Option 7 is known as an Intra-PHY split as it splits the PHY layer between the Central Unit and a Radio Unit. The Central Unit has the base station functions, often known as the BBU, managing real time functions of the Radio Unit either over a fronthaul interface known in the X-RAN spec LLS-M, or over a management system. The specification and scope of this management plane is not included in this release, but is being considered to support configuration and performance management of the Radio Unit, using NetConf/Yang. That OAM spec should be available in June.
The xRAN Fronthaul Specification addresses several operator-defined requirements, including:
• BBU – RU interoperability based on well specified control, user and management plane interfaces.
• Efficient bandwidth scaling as a function of user throughput and spatial layers to address
increasing bandwidth needs and Massive MIMO deployments.
• Support for LTE, NR, associated features, 2T – 8T RU products and Massive MIMO beamforming
• Advanced receivers and co-ordination functions.
• Ethernet based transport layer solutions.
• Extensible data models for management functions to simplify integration.
Improved fronthaul bandwidth efficiency is one of the key intended benefits of Option 7 split.
In the DownLink, iFFT (inverse Fast Fourier Transform), CP addition, and digital beamforming functions reside in the Radio Unit.

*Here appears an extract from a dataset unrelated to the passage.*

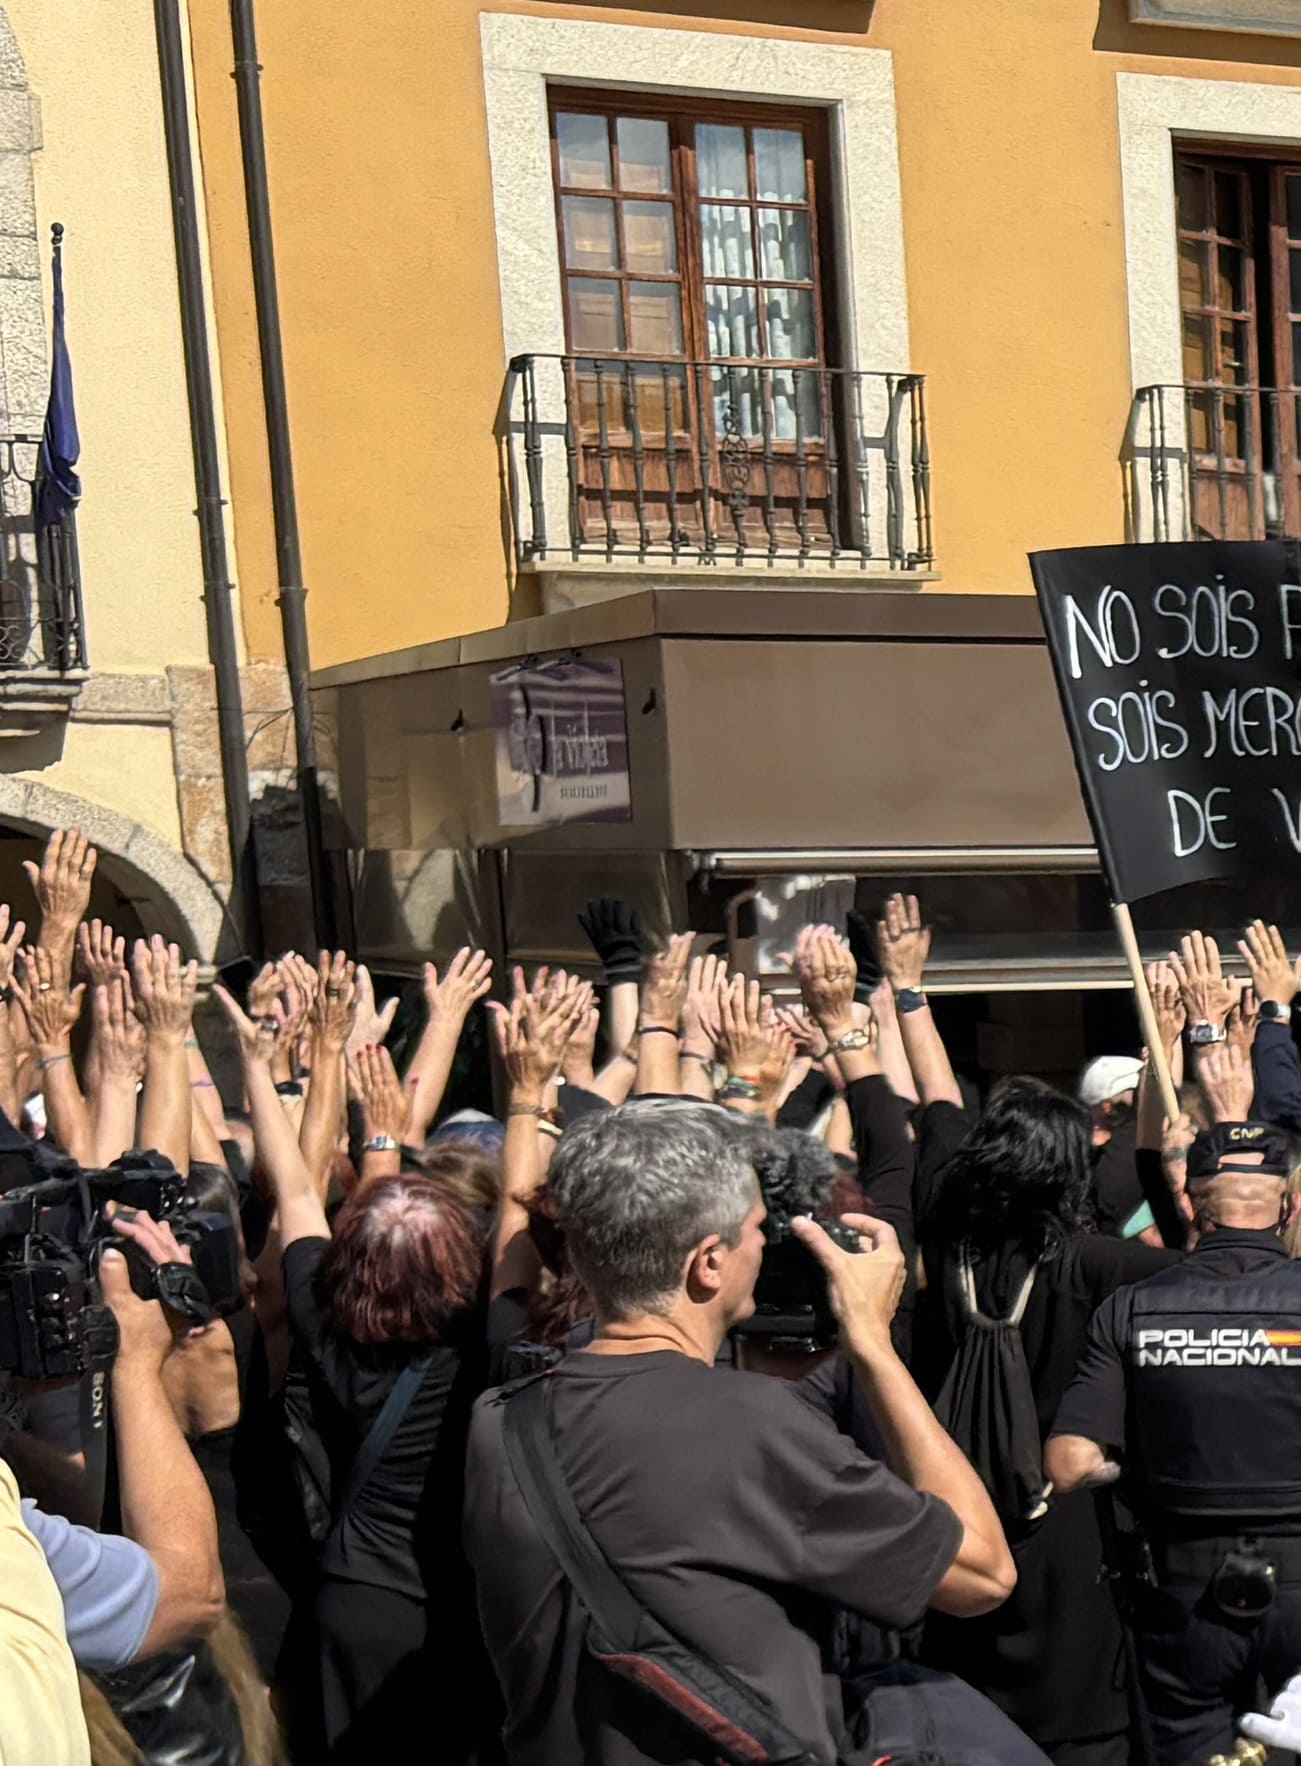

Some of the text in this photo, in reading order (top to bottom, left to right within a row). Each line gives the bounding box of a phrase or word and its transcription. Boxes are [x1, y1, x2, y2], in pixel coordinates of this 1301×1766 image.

[1066, 584, 1141, 680] NO
[1167, 786, 1238, 858] DE
[1138, 1328, 1271, 1348] POLICIA

The rest of the PHY functions including resource element mapping, precoding, layer mapping, modulation, scrambling, rate matching and coding reside in the Central Unit. Beamforming specific processing (expansion from layers/beams to digital transceivers) resides within the radio Unit.
In the UL, FFT, CP removal and digital beamforming functions reside in the Radio Unit. The rest of the PHY functions including resource element de-mapping, equalization, de-modulation, de-scrambling, rate de-matching and de-coding reside in the Central Unit. Beamforming specific processing (combining inputs from multiple digital transceivers to a set of 23 beams/layers) resides within the RU.